[WHAT YOU WILL DO] Among the lines of the listing below, retype exactly those from the one containing "this 1280×1280 image." through the one containing "this 2212×1659 image.", both included. Do not include pictures.

[EXTRACTED INFORMATION]
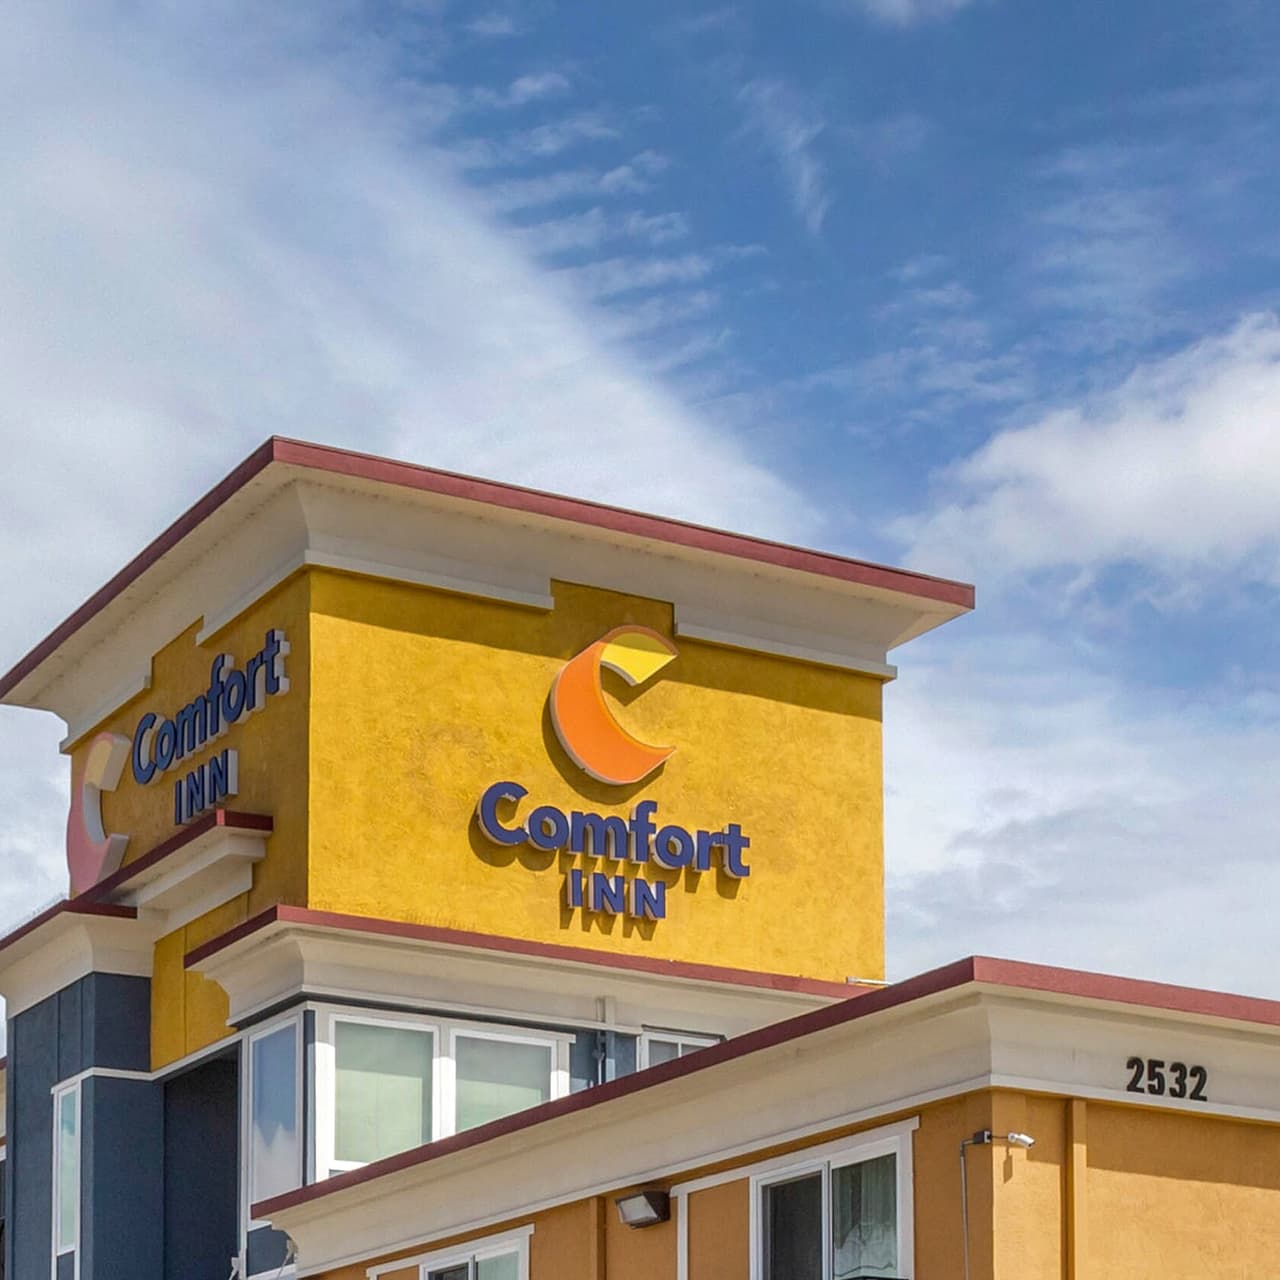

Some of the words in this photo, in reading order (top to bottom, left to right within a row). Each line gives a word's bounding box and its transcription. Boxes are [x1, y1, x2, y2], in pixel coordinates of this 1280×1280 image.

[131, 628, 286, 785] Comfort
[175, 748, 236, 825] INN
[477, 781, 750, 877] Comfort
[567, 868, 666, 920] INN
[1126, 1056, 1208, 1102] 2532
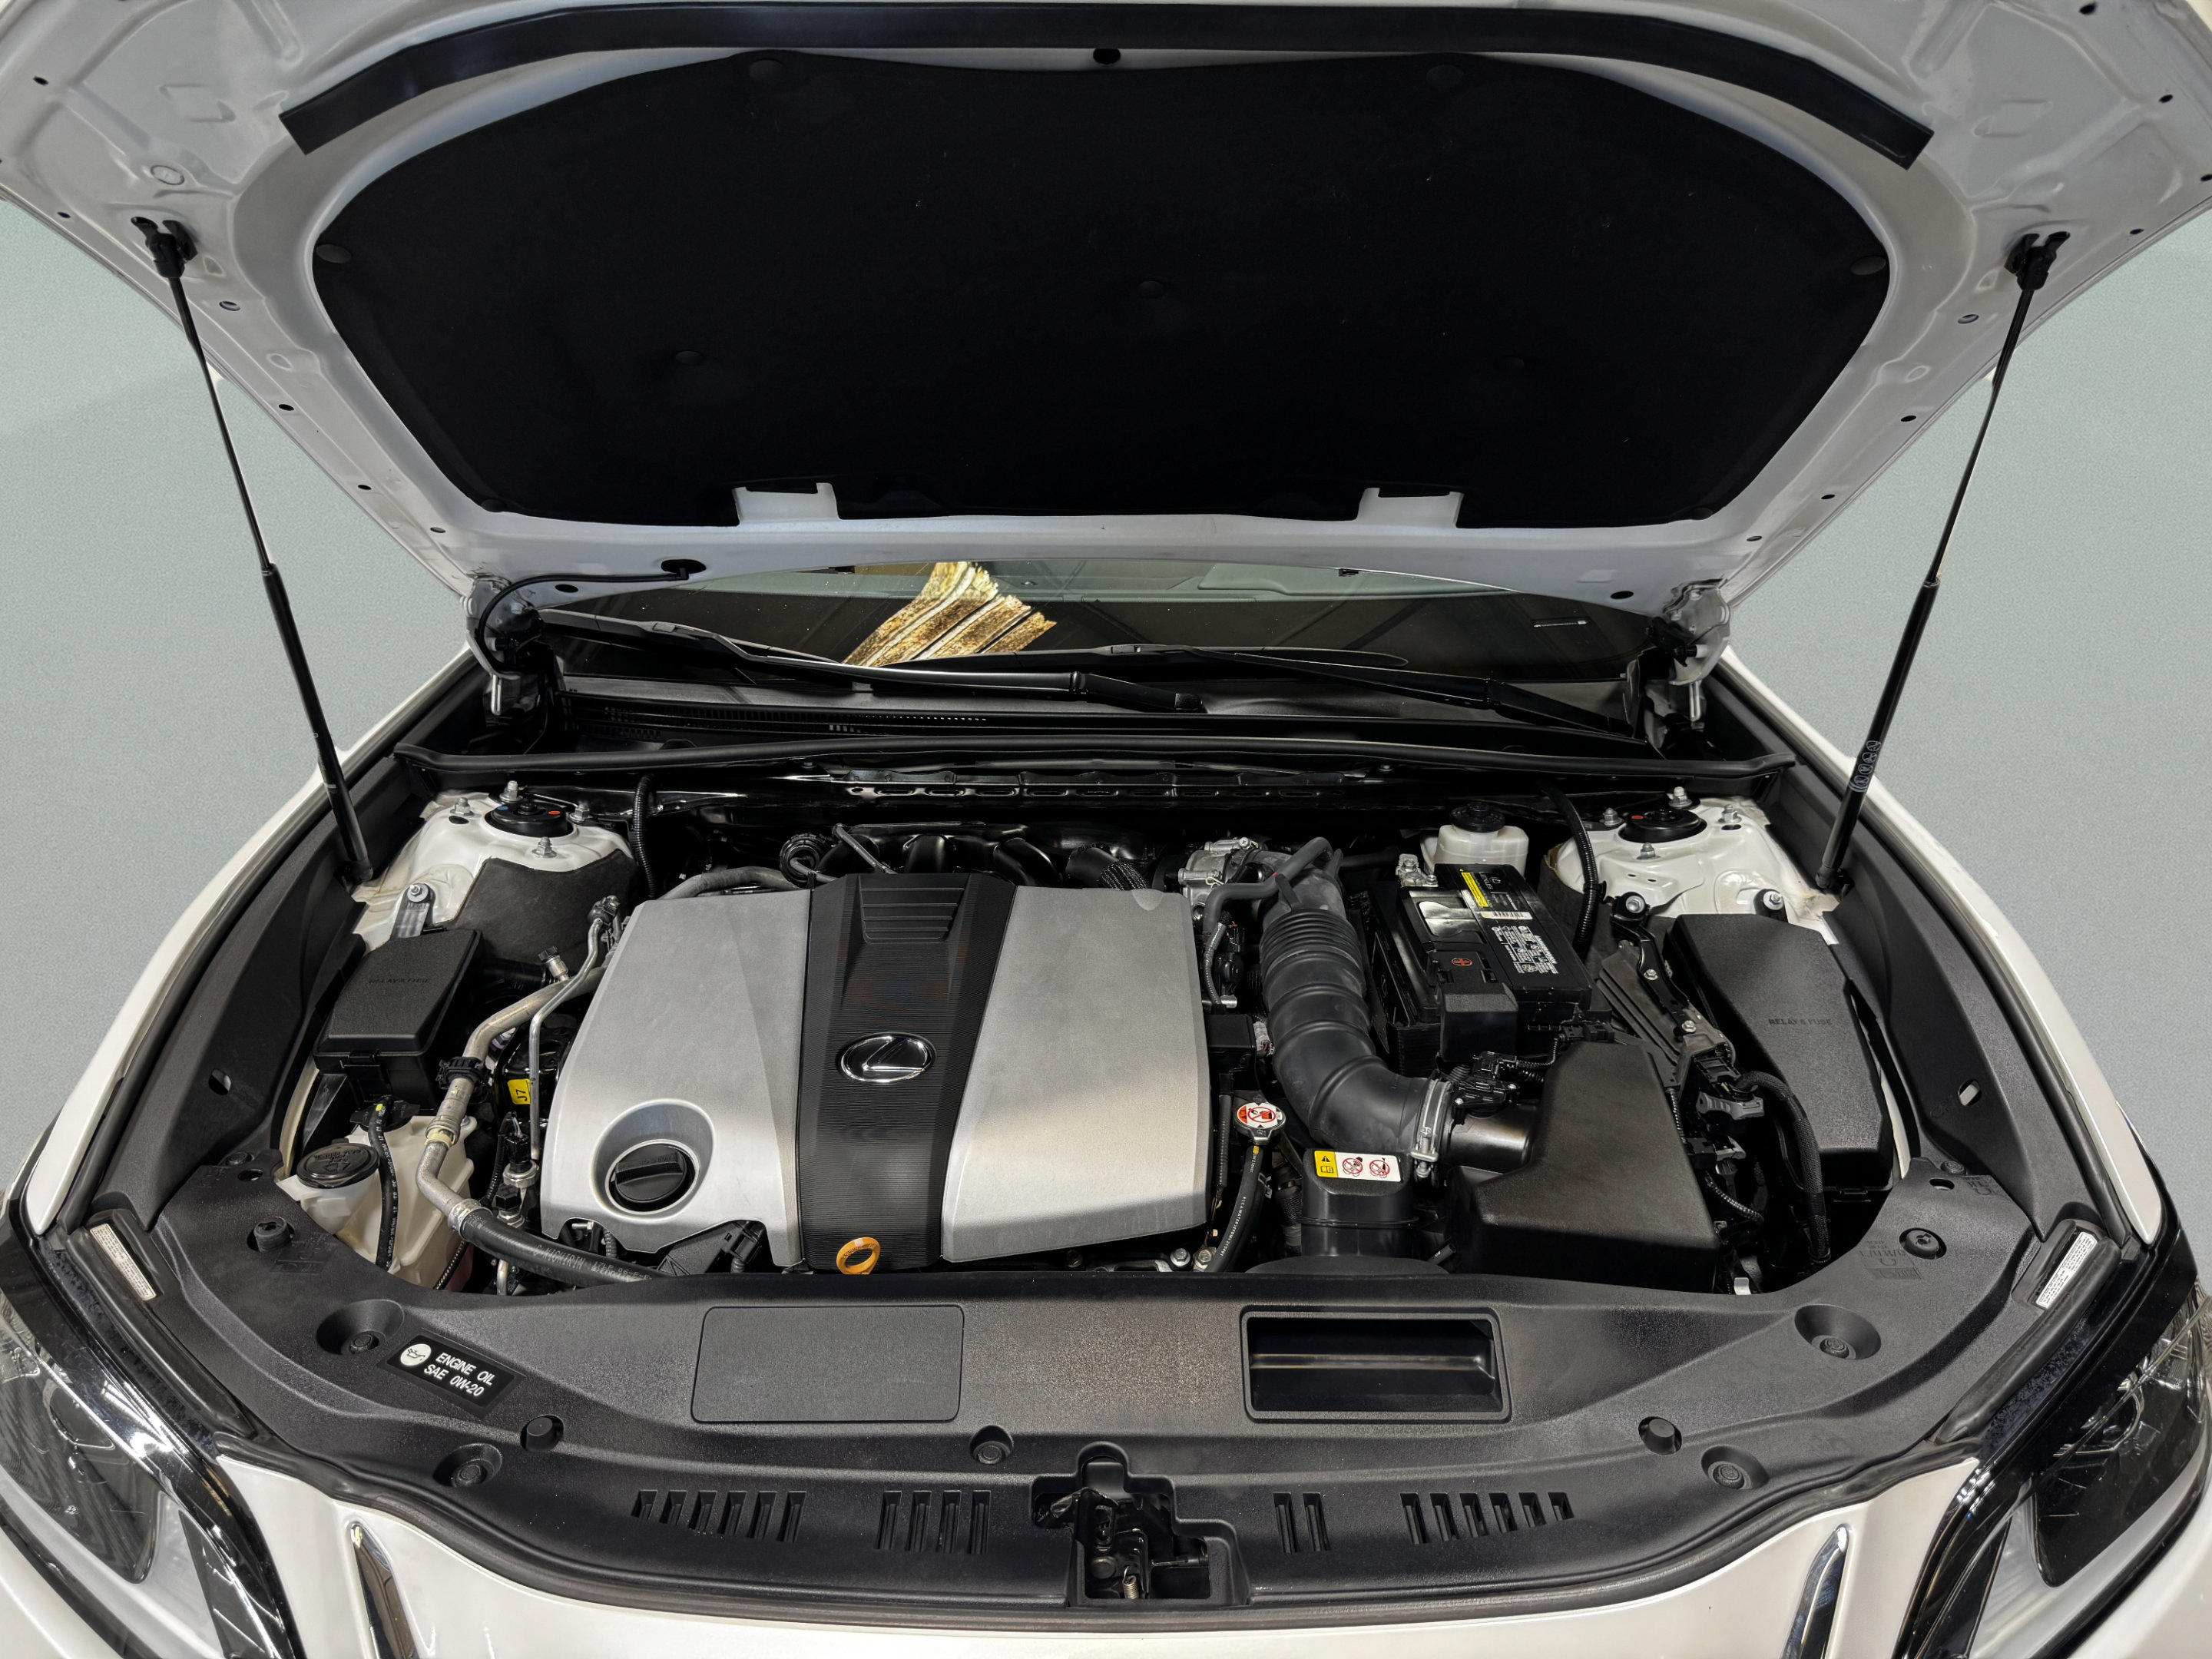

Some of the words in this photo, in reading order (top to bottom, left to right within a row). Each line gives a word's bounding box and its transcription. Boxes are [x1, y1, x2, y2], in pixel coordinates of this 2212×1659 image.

---

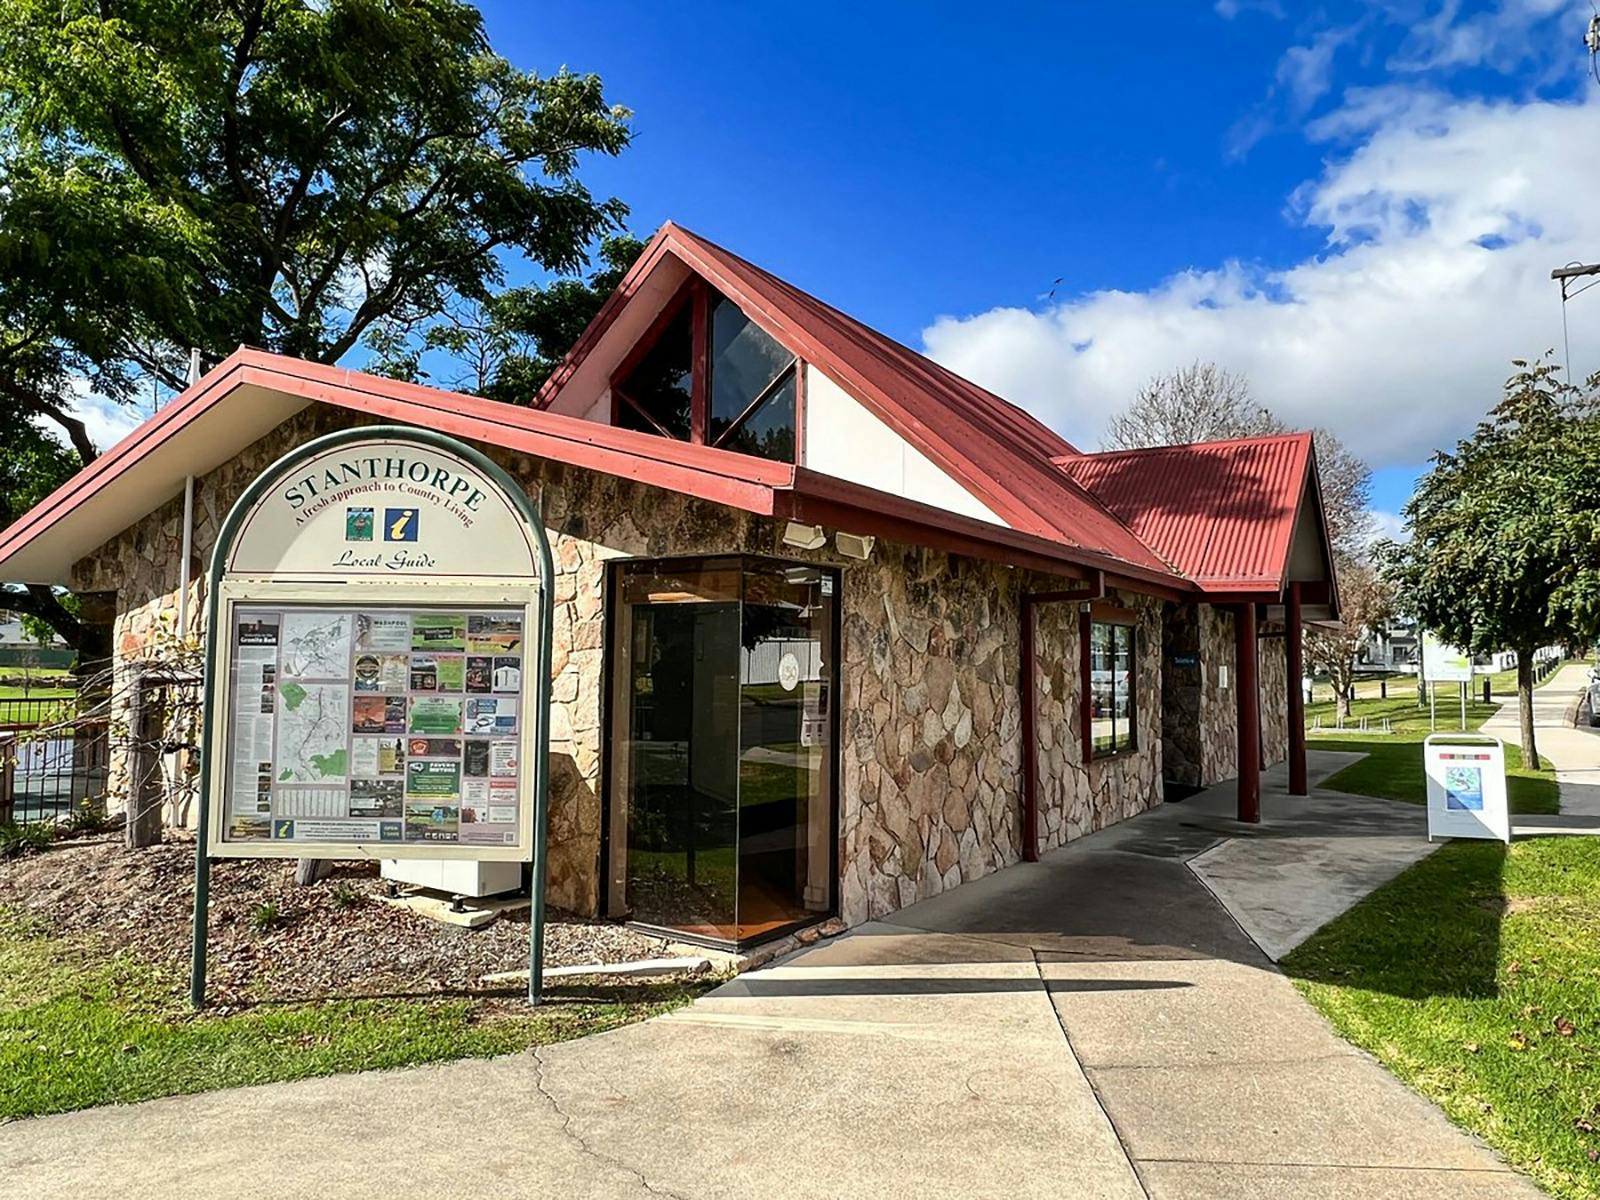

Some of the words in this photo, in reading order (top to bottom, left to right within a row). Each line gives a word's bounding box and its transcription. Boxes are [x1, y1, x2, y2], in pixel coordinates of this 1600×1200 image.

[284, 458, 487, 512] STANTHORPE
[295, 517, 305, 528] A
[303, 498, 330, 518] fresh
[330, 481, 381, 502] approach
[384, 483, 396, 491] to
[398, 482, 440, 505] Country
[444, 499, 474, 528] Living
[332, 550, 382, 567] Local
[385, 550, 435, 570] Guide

--

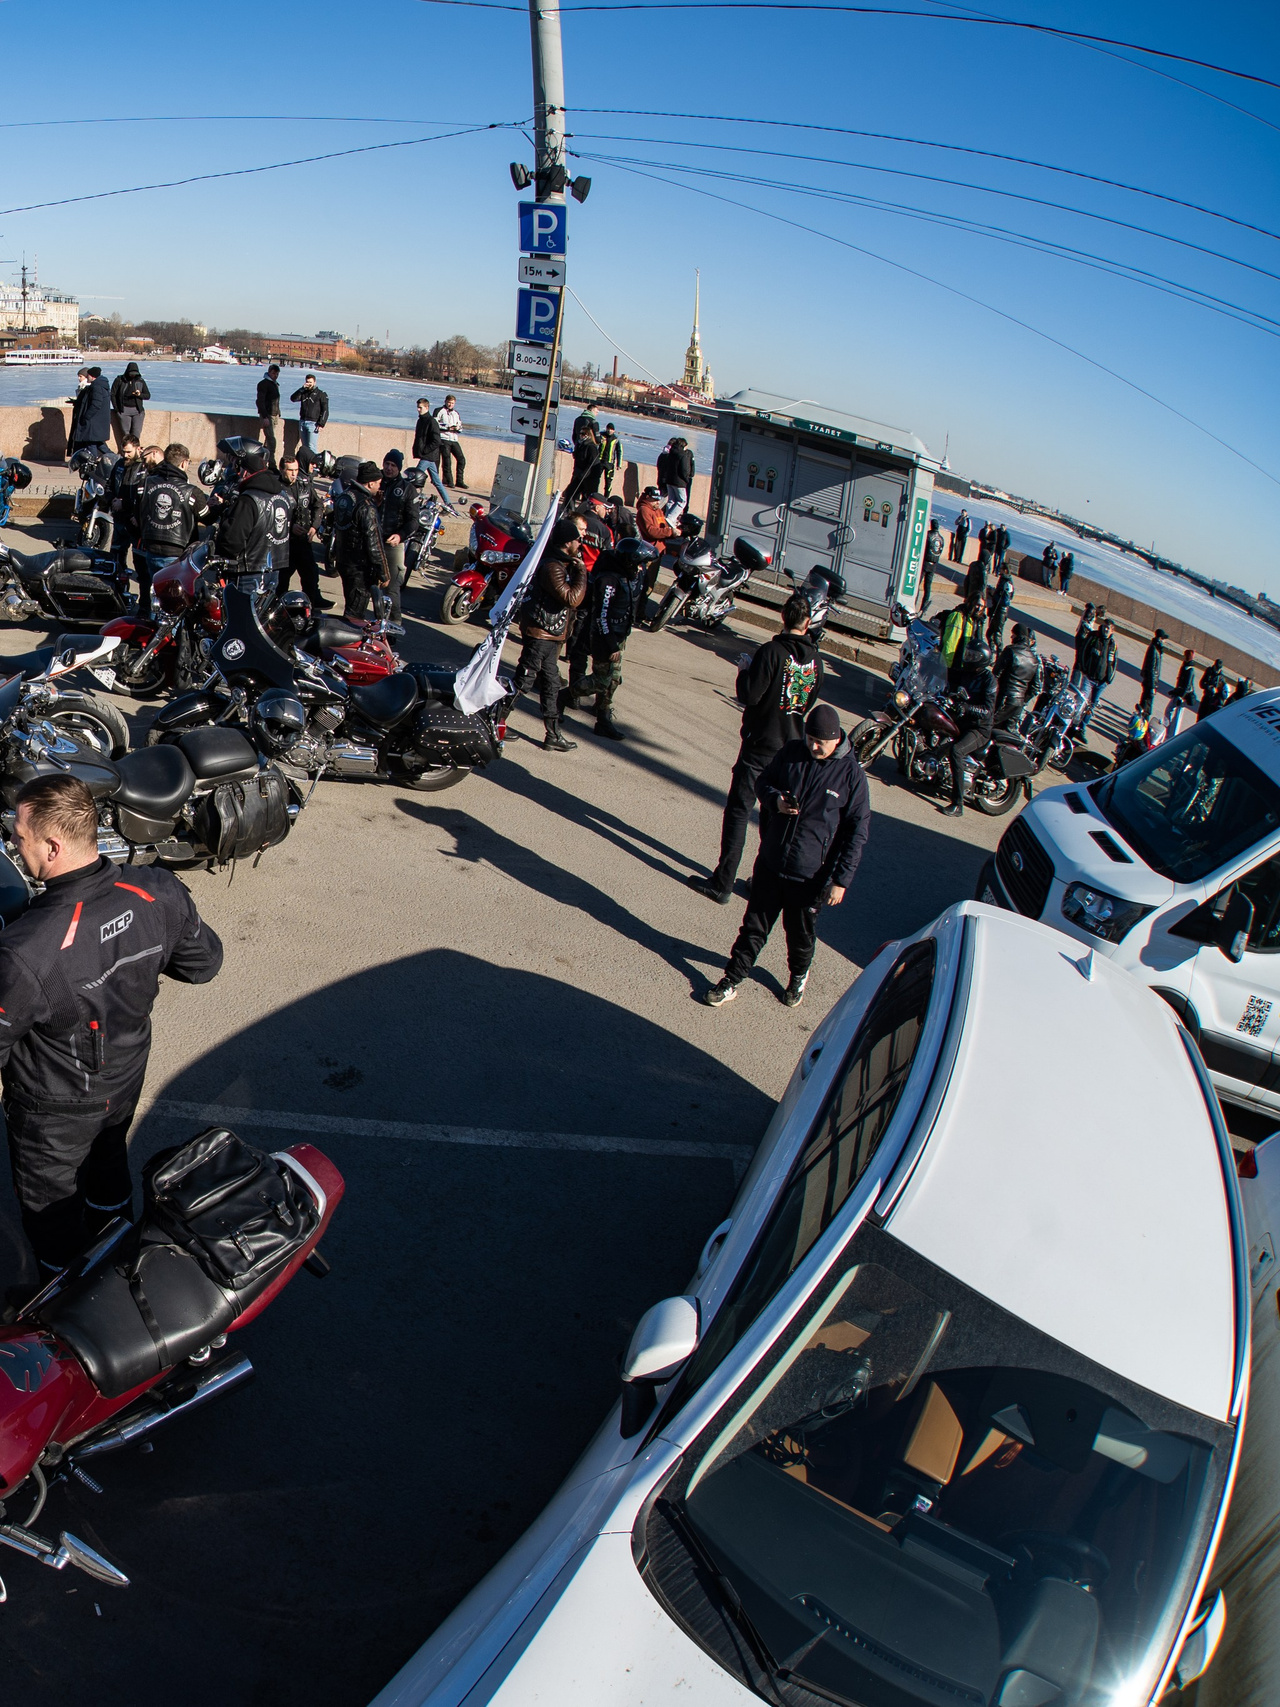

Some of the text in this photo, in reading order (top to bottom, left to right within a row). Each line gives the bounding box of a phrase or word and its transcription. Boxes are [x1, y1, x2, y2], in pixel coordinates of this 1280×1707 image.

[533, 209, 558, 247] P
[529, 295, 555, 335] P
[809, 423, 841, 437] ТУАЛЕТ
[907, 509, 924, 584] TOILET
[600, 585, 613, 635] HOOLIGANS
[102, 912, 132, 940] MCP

[REPLY TO THE EXERCISE]
Some of the words in this photo, in reading order (top to bottom, left to right within a row). Each line gives a word's bounding box and its transcription. Boxes are [x1, y1, x2, y2], in pixel coordinates of this 1280×1280 image.

[131, 628, 286, 785] Comfort
[175, 748, 236, 825] INN
[477, 781, 750, 877] Comfort
[567, 868, 666, 920] INN
[1126, 1056, 1208, 1102] 2532

Some of the words in this photo, in reading order (top to bottom, left to right within a row). Each line gives a word's bounding box and its transcription. Boxes are [x1, y1, x2, y2], in pixel coordinates of this 2212×1659 image.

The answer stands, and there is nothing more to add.